Task statement:
Every single line below has to be printed once more, exactly.
--------------------------------------------------
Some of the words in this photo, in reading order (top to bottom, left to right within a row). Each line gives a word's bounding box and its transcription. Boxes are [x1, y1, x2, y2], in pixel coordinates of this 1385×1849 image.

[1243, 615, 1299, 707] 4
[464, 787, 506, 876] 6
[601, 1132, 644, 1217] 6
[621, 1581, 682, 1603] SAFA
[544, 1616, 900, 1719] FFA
--------------------------------------------------
Response box:
Some of the words in this photo, in reading order (top to bottom, left to right within a row). Each line gives a word's bounding box and its transcription. Boxes are [x1, y1, x2, y2], in pixel coordinates of this 1385×1849 image.

[1243, 615, 1299, 707] 4
[464, 787, 506, 876] 6
[601, 1132, 644, 1217] 6
[621, 1581, 682, 1603] SAFA
[544, 1616, 900, 1719] FFA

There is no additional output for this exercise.